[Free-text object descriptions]
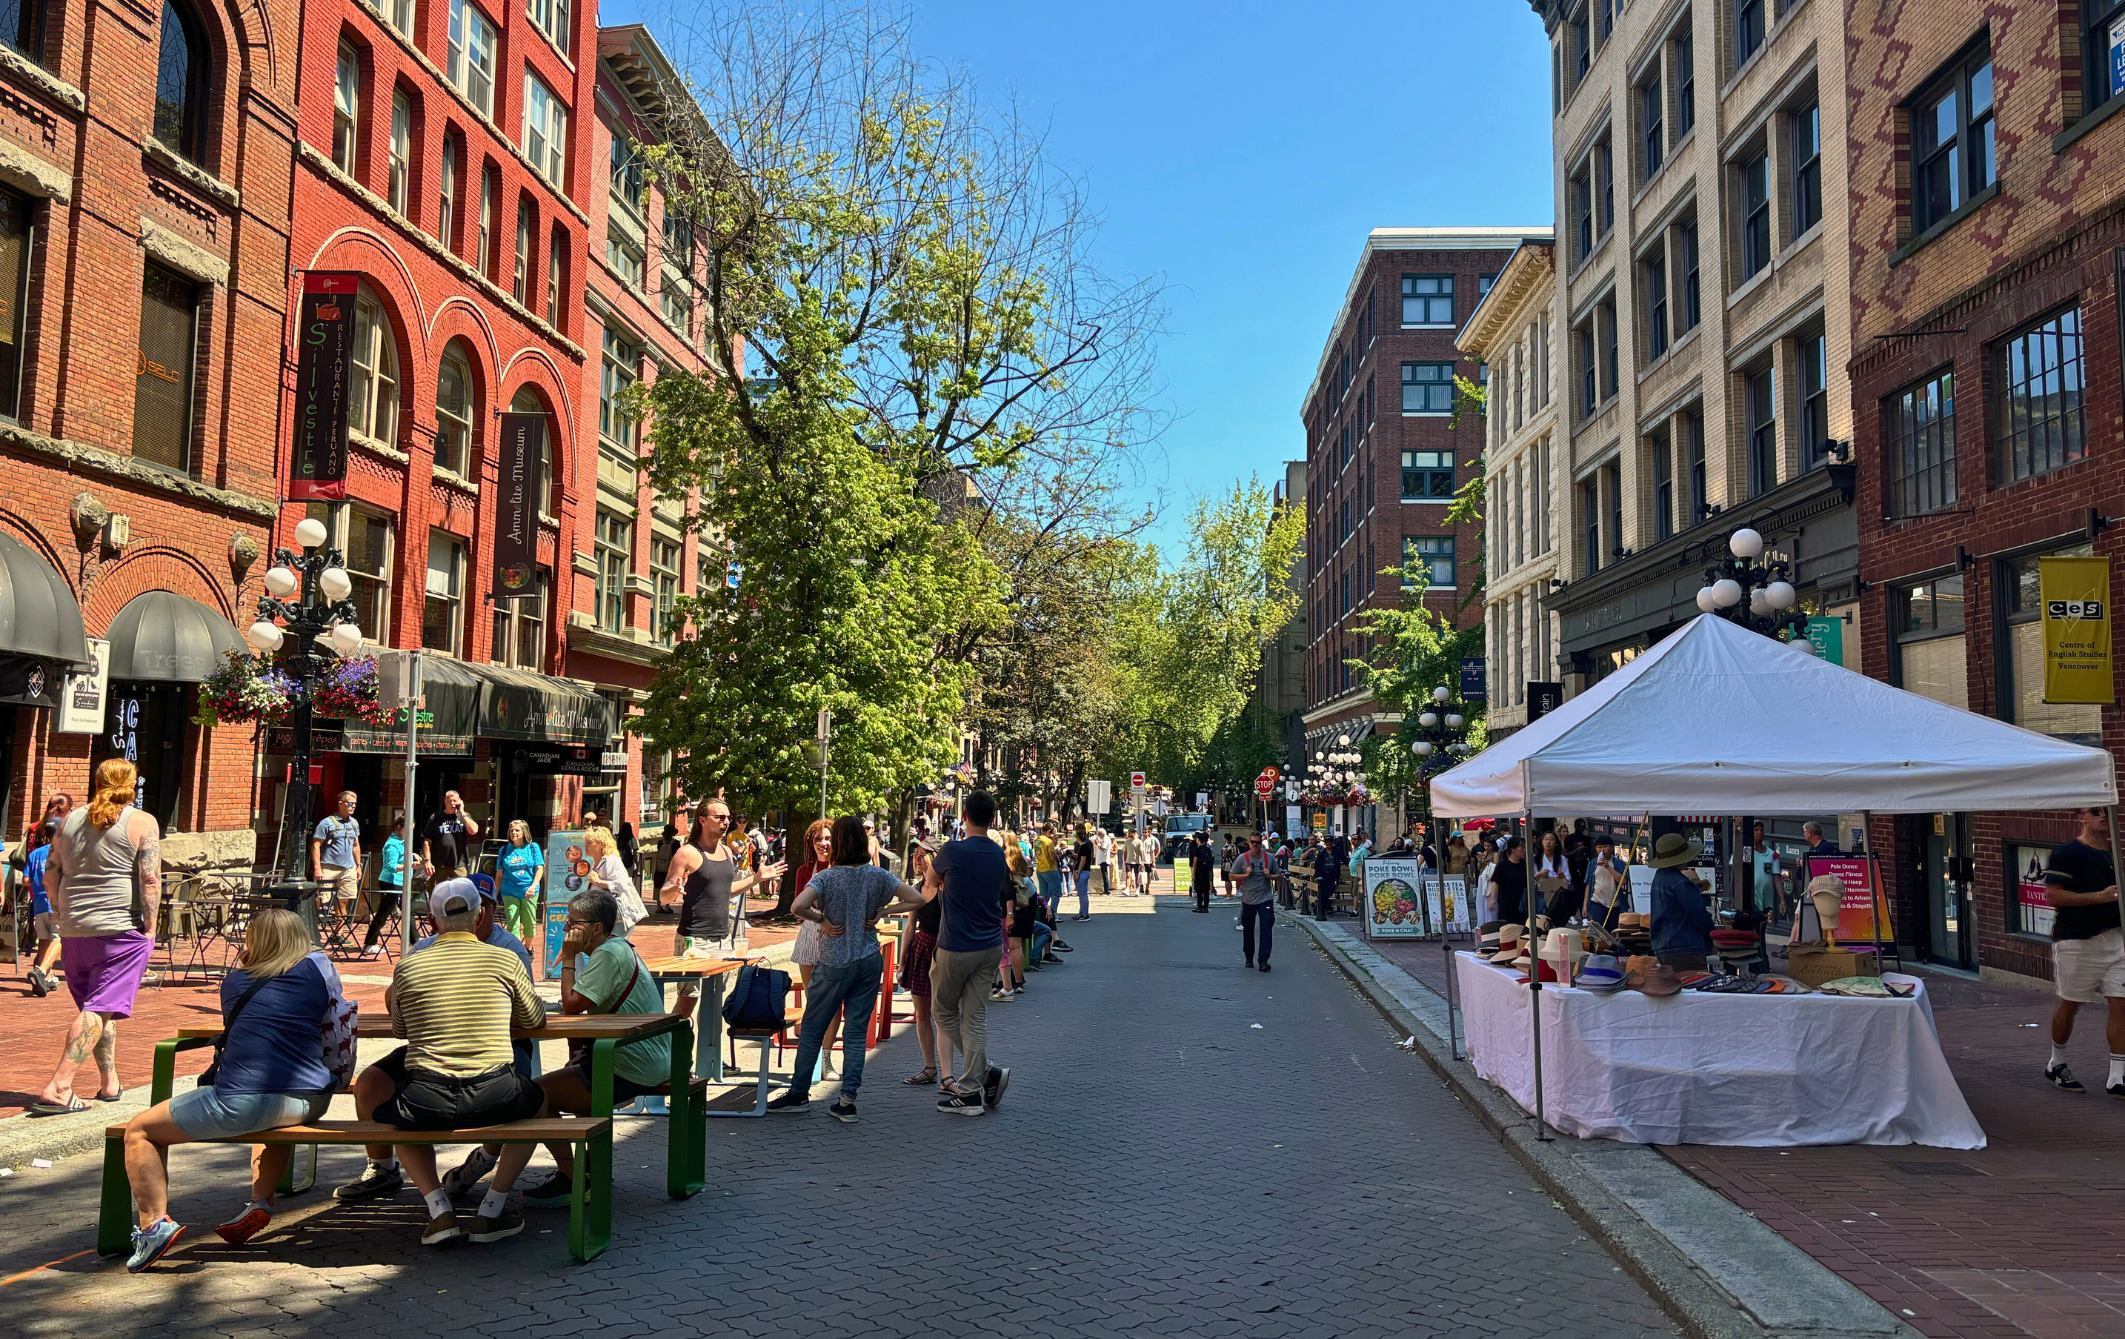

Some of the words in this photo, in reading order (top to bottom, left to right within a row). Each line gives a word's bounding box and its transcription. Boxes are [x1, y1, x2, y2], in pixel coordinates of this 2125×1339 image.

[332, 324, 343, 414] RESTAURANTE
[302, 323, 327, 474] Silvestre
[328, 421, 337, 475] PERUANO
[512, 426, 526, 482] Museum
[2049, 650, 2077, 659] English
[2079, 650, 2107, 658] Studies
[2058, 662, 2098, 670] Vancouver
[1540, 693, 1550, 715] tain
[399, 707, 434, 723] Sestre
[311, 734, 338, 747] rêpes
[1256, 780, 1272, 789] STOP
[135, 788, 144, 810] espr
[2026, 890, 2047, 900] TANTR
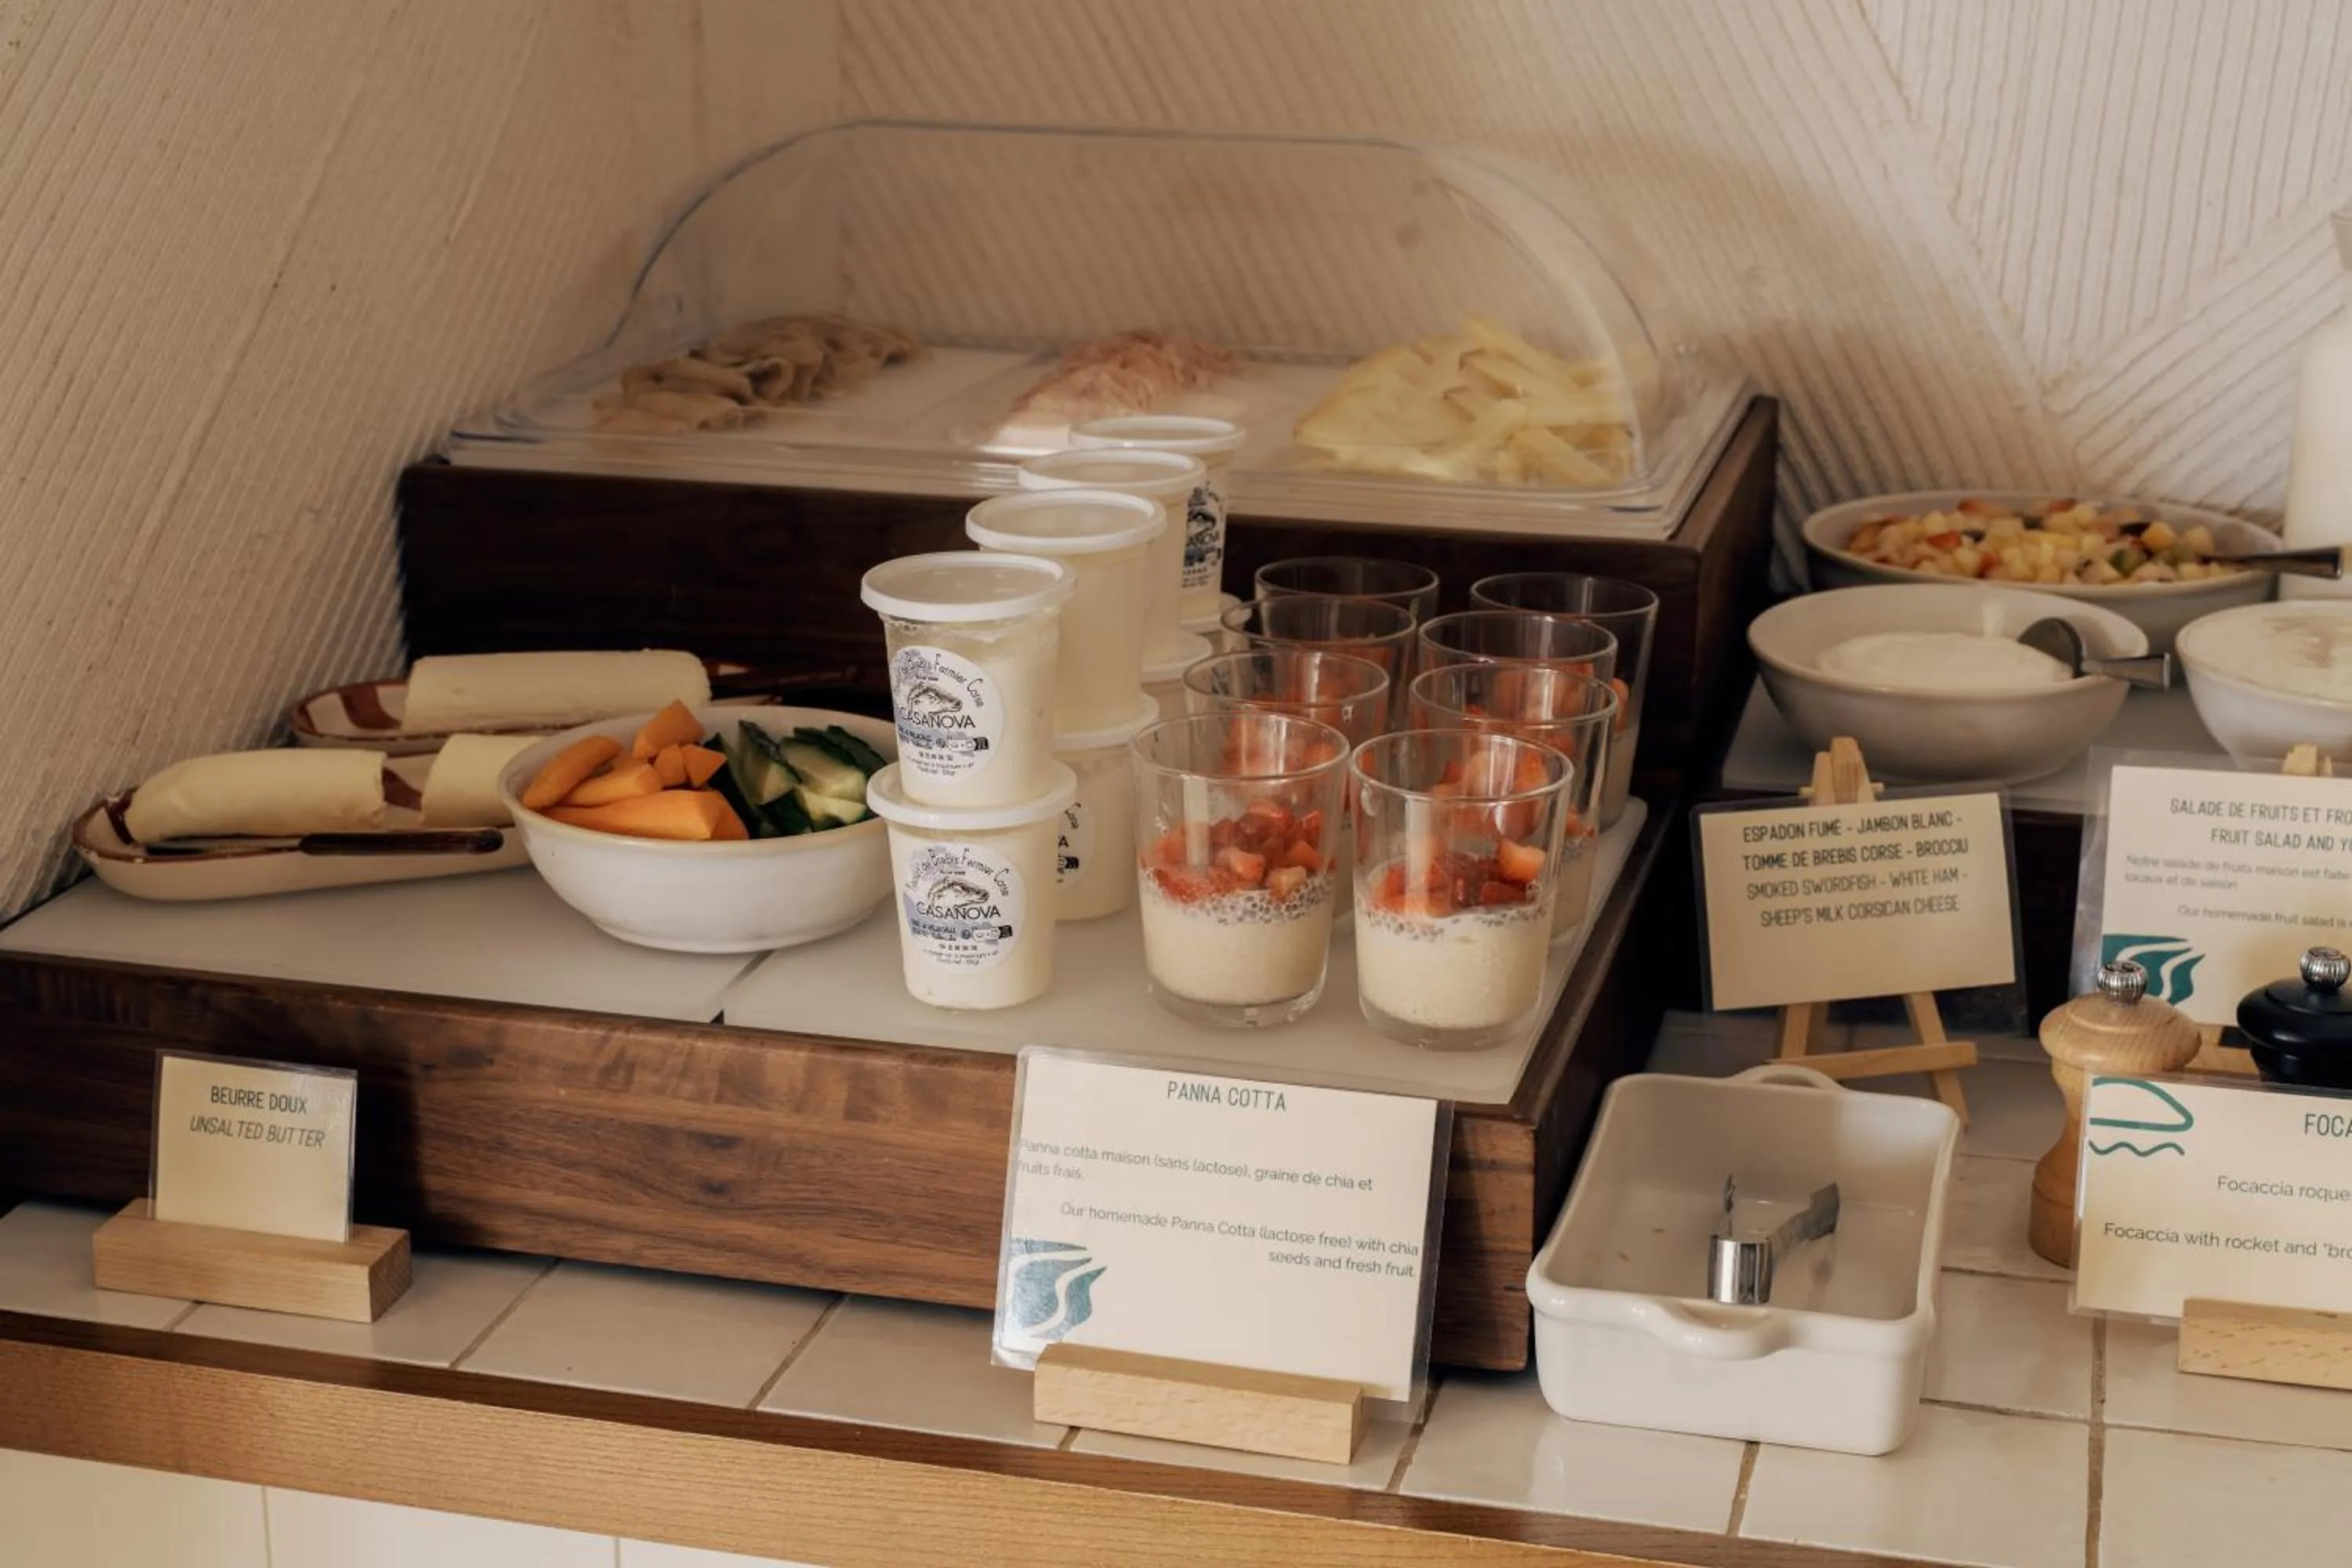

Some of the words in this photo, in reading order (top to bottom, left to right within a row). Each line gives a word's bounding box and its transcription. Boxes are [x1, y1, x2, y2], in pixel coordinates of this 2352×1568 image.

What the exercise asks
Leave the pictures out. Repeat every entry above exactly.

Reply to the task
Some of the words in this photo, in reading order (top to bottom, left to right within a row). Each line gives a word's bounding box and its transcription. Boxes are [x1, y1, x2, y2], in pixel coordinates of this 2125×1339 image.

[332, 324, 343, 414] RESTAURANTE
[302, 323, 327, 474] Silvestre
[328, 421, 337, 475] PERUANO
[512, 426, 526, 482] Museum
[2049, 650, 2077, 659] English
[2079, 650, 2107, 658] Studies
[2058, 662, 2098, 670] Vancouver
[1540, 693, 1550, 715] tain
[399, 707, 434, 723] Sestre
[311, 734, 338, 747] rêpes
[1256, 780, 1272, 789] STOP
[135, 788, 144, 810] espr
[2026, 890, 2047, 900] TANTR

Some of the words in this photo, in reading order (top to bottom, left to right within a row). Each line gives a word's bounding box and its transcription. Boxes are [x1, y1, x2, y2], in pixel coordinates of this 2352×1568 image.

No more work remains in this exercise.